Darius’s pulse was a war drum in his veins.
“Boland, where did you get that bottle? It is mine, so if you just give it here, we will forget this whole mess.”
“I thought it might end this way,” continued the butler as if his master had not spoken. “But I cannot let you carry this sin. It is I that should have put a stop to it a long time ago.”
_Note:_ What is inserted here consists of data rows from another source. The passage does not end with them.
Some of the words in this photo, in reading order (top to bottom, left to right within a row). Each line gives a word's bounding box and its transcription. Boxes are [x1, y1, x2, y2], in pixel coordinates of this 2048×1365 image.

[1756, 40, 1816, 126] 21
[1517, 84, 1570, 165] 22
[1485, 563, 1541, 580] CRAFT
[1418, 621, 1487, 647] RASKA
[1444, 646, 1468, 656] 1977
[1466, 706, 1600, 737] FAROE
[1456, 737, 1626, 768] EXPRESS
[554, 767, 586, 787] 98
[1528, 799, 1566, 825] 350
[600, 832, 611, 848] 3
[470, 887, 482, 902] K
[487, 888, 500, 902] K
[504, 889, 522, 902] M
“What are you talking about?”
“Oh dear,” muttered Larkyra beside him.
Darius frowned down at her. “Do you understand what he’s talking about?”
“I have a hunch.”
“I think that word should be stricken from your vocabulary,” said Niya from behind.
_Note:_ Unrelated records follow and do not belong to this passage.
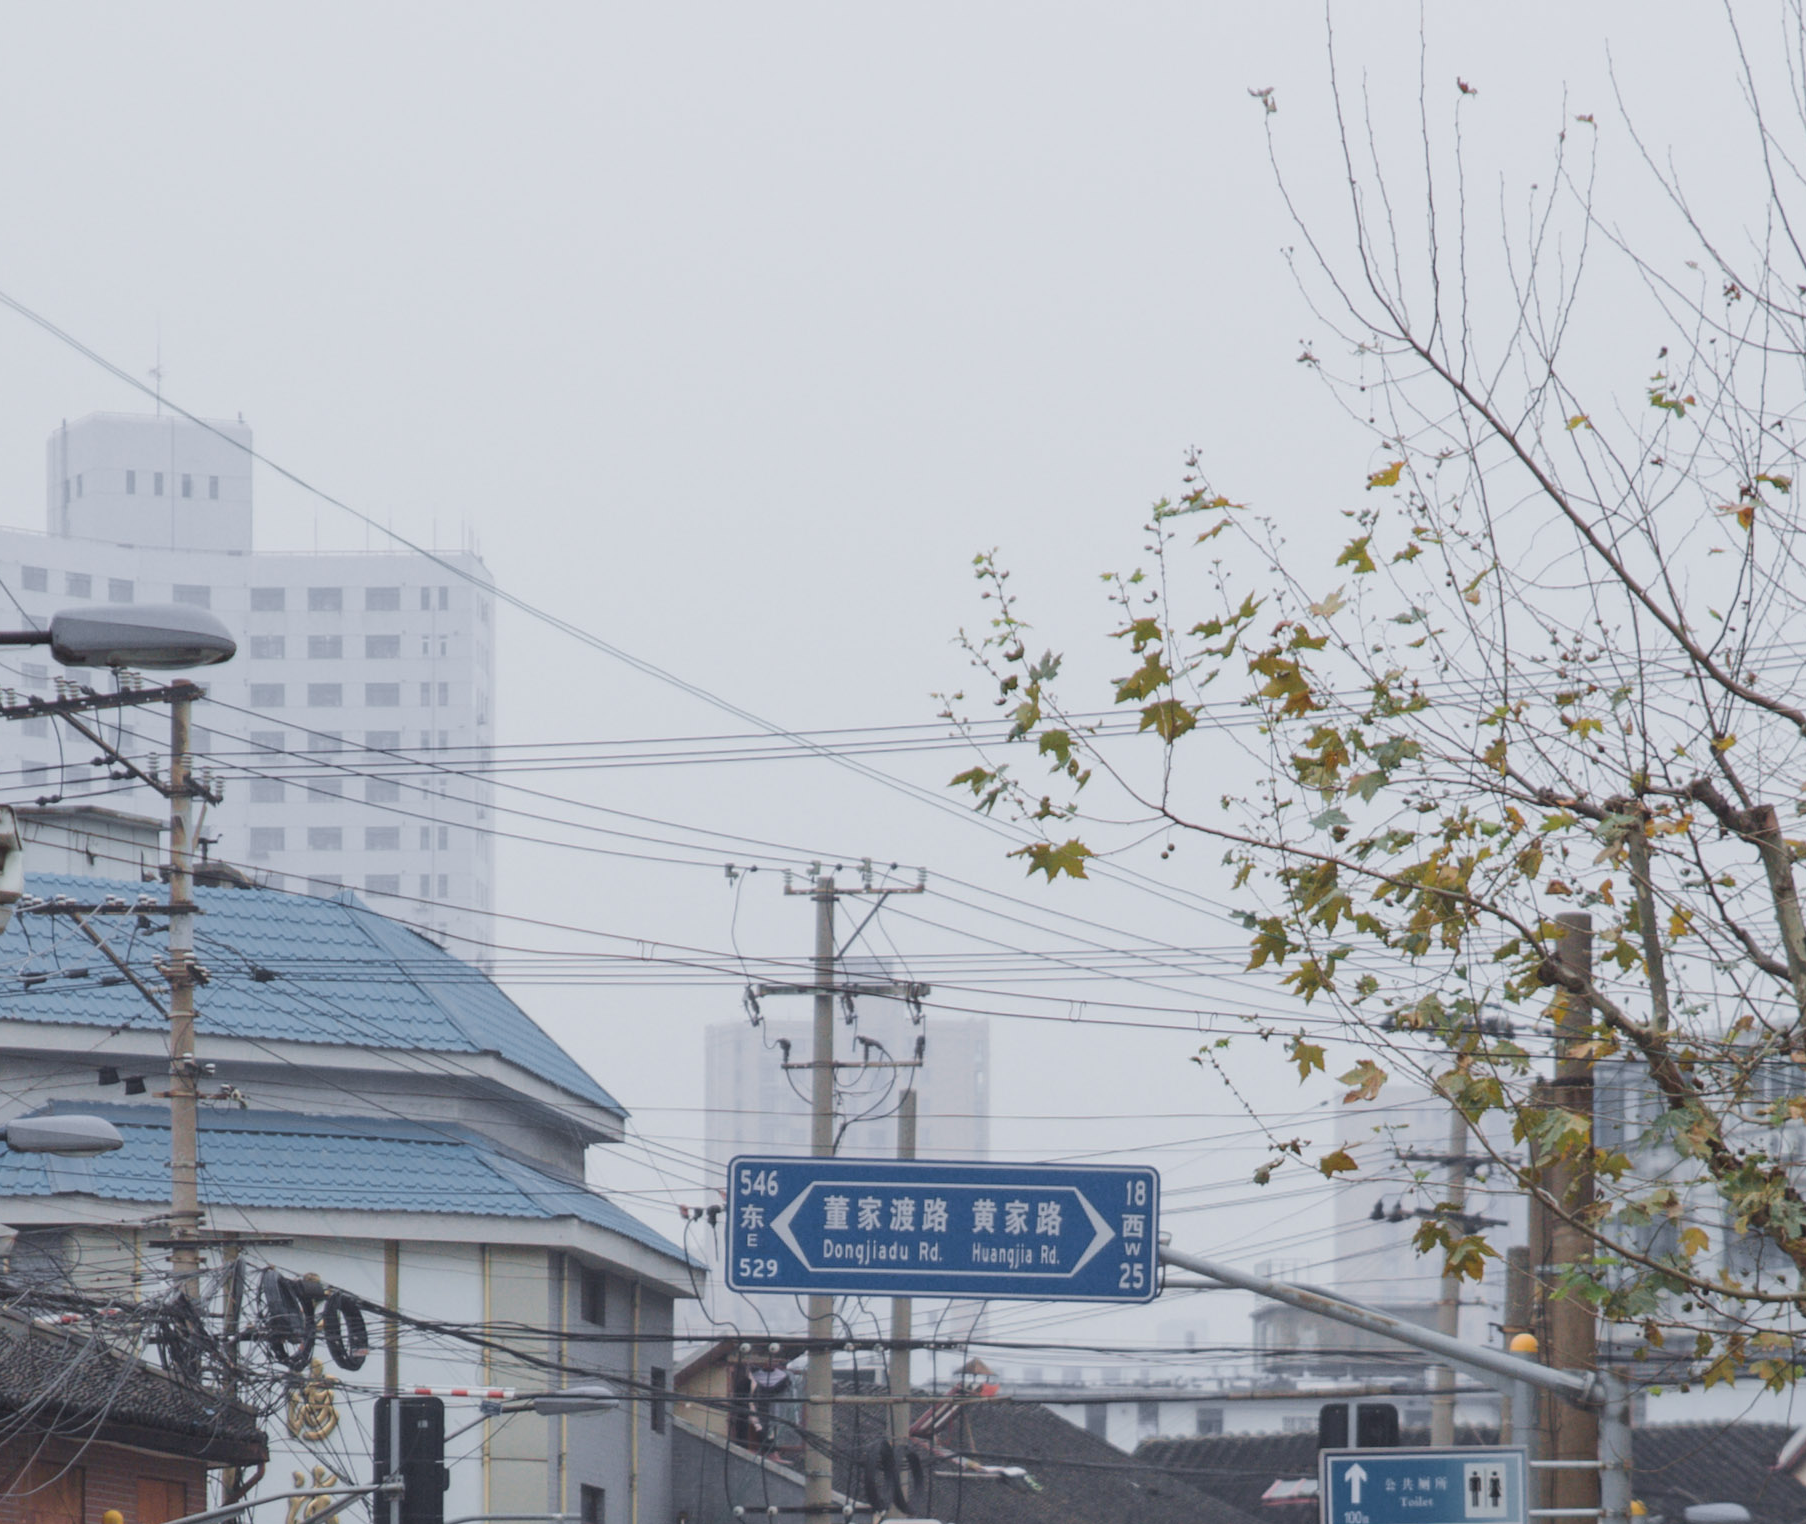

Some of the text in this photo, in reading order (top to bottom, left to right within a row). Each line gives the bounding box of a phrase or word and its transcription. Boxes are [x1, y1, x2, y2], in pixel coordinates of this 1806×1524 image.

[740, 1169, 779, 1197] 546
[1125, 1179, 1147, 1207] 18
[740, 1203, 765, 1231] 东
[823, 1194, 1063, 1237] 董家渡路 黄家路
[1121, 1213, 1146, 1239] 西
[746, 1233, 759, 1247] E
[822, 1238, 1061, 1269] Dongjiadu Rd. Huangjia Rd.
[1124, 1241, 1142, 1256] W
[739, 1257, 779, 1279] 529
[1118, 1262, 1144, 1290] 25
[1384, 1476, 1448, 1492] 公共厕所
[1399, 1496, 1434, 1508] Toilet
“Mr. Boland,” said Arabessa calmly, stepping toward him. “I do not doubt your intentions here are pure, but there seems to be some confusion about what you hold—”
“Stand back,” spat the butler, and Arabessa paused. “It is you who are confused about what my young master has suffered.” He waved his hand, brandishing the elixir in their direction. “I may not carry the lost gods’ gifts, but that does not keep me from feeling the wrong that entered this house so very long ago. His cruelty has reigned unchecked for too long. I may not remember all the events, just like my poor young master does not, but I have known. I have put the pieces together, and yet all I have done is help clean it up, cover it up. Do you understand? But no more. I have stood by and let you suffer, my lord. Now I will atone for it.”
“Boland.” Darius attempted to recapture the man’s attention. “You have been loyal to me and my family since before I was born. And I appreciate whatever help you think you are giving, but—”
“Which is why I must do this.” The man’s voice cracked. “For you and your parents, I will do this. He must be stopped.” Tipping the elixir bottom up into the brandy, he poured the entire contents inside.
“Boland!”
“No!”
“Stop!”
The room rang with their protests.
But it was too late. The drink flashed bright before fading back to dark amber.
“You rodent,” grumbled Niya. “You have no idea what you have wasted.”
But Boland seemed immune to her words as he sprinted to the nearby corner. Pressing a hidden button, he slipped through a servants’ door that slid open beside a bookcase.
“Where’s he going now?” asked D’Enieu as they gave chase, entering the narrow passageway.
“This is becoming very annoying,” puffed Niya.
They were forced to continue in single file, Darius leading the way through the cramped corridor. As they passed the few torches that lit the space, he caught sight of the butler’s tailcoat whipping around a corner.
“Boland!” called Darius. “Please, will you stop?”
“Yes, perhaps a polite request will work,” said Niya.
“Please shut up,” growled Larkyra as they hurried out of the passage and stepped into a small storage room; linens, discarded chairs, and shelves of unused candelabras filled the space. Darius’s attention went to the slice of light coming from what appeared to be the back of a giant canvas at the other end. A secret door, left ajar. And it was the only way out, which meant it was the only way Boland could have gone.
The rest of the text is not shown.